Deux hommes sont jugés, ce lundi, pour des violences aggravées après avoir pris à partie une famille supportrice de l’OM lors d’un match à la Beaujoire de Nantes en septembre 2023. Seize et quatorze mois de prison avec sursis avaient été requis à leur encontre devant le tribunal correctionnel.
Le dénouement d’un long feuilleton judiciaire. Ce lundi, deux hommes sont jugés pour avoir violemment agressé une famille venue supporter l’Olympique de Marseille lors d’un match au stade de la Beaujoire de Nantes en septembre 2023.
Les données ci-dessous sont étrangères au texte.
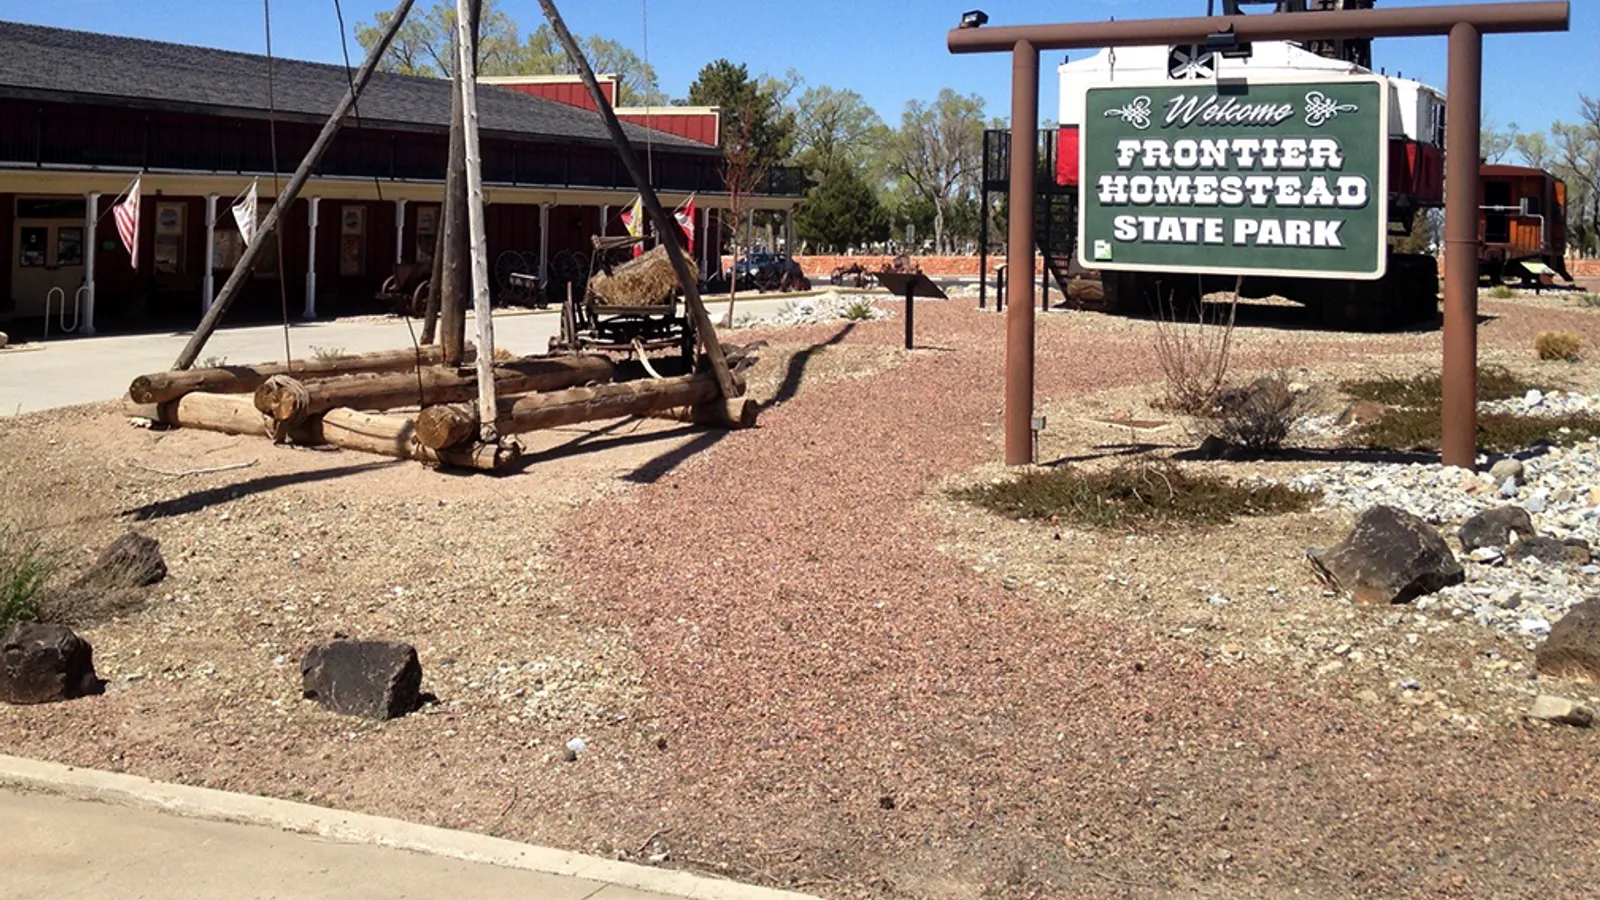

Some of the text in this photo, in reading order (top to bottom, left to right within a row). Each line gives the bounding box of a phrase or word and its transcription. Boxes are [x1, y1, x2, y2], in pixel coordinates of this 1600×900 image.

[1163, 94, 1294, 125] Welcome
[1116, 138, 1343, 168] FRONTIER
[1098, 175, 1368, 206] HOMESTEAD
[1113, 215, 1343, 246] STATE PARK
Le 29 janvier, le procureur du tribunal correctionnel de Nantes avaient requis à l’encontre de Melvin B. (22 ans), et Stéphane A. (50 ans), respectivement seize et quatorze mois de prison avec sursis.
Les regrets de l’un des supporters
Les faits remontent au 1er septembre 2023 lors du match de Ligue 1 qui opposait le FC Nantes et l’Olympique de Marseille. Une famille venue de Donges, près de Saint-Nazaire et dont le petit garçon de 6 ans portait un maillot de l’OM, avait été violemment prise à partie par des supporters du FC Nantes.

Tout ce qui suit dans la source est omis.